The United States convened the first Summit for Democracy in December 2021. We’ve spent 2022 — a Year of Action — encouraging democratic resilience globally, and also working to make progress on our own pledges to bolster democracy and justice at home. So, my delegation has come to Warsaw prepared for an honest discussion of our own record and that of others. I will now offer some overarching observations to frame our discussions in the working sessions: States that violate the human rights of their own people have contempt for the sovereignty and territorial integrity of other countries. Autocrats who abuse their power at home spread disinformation to sow division in other countries and undermine their elections. Regimes that choke off domestic dissent reach across borders to silence critics located abroad in blatant acts of transnational repression – Russia by poisoning defectors with chemical weapons, and Belarus by diverting an international flight to seize a journalist, to cite only two notorious cases among many perpetrated by authoritarian states in the OSCE region. Dictators don’t care much about public safety or upholding a rules-based international order.
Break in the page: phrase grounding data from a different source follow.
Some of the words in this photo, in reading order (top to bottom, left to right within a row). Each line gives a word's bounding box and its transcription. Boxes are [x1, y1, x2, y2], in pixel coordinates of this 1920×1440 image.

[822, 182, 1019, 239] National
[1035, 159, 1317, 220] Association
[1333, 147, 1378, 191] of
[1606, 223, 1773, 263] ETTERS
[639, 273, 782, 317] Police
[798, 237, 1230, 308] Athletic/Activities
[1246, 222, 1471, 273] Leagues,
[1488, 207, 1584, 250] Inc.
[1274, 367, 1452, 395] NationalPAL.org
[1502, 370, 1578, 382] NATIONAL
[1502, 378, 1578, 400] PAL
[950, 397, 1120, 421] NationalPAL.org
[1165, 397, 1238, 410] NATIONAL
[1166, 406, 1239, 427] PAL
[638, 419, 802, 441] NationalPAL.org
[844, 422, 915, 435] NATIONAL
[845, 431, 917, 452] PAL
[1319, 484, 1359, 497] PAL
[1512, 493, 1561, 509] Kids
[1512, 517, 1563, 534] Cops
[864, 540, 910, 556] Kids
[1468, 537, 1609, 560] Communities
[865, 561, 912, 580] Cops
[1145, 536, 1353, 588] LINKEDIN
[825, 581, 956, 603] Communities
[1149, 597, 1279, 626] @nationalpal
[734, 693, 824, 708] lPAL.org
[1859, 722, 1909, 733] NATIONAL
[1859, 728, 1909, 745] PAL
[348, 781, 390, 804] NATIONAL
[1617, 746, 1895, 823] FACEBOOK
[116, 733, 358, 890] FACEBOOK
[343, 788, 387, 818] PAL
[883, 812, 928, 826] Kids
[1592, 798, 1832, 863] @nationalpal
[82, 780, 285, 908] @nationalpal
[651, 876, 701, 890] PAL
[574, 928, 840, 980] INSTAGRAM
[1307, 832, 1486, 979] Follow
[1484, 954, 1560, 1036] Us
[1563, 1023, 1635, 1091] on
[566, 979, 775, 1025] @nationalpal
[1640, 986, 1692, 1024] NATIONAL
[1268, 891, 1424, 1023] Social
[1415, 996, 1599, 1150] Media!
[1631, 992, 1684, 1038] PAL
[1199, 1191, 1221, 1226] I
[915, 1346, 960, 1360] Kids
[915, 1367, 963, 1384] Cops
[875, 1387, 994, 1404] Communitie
The truth embedded in the founding Helsinki principles has never been more evident: Respect for human rights within states is essential to security among states.
In closing, let me express deep respect for the human rights defenders who have journeyed here from across the region. Many of you risk reprisal, not just against yourselves but also your families. Some of you already have suffered for your vital work. My delegation looks forward to hearing from you about how we can best advance Human Dimension priorities together. At a time when the double-headed threat of repression and aggression imperils the human rights of people and the security of states, it will be critical that we work together.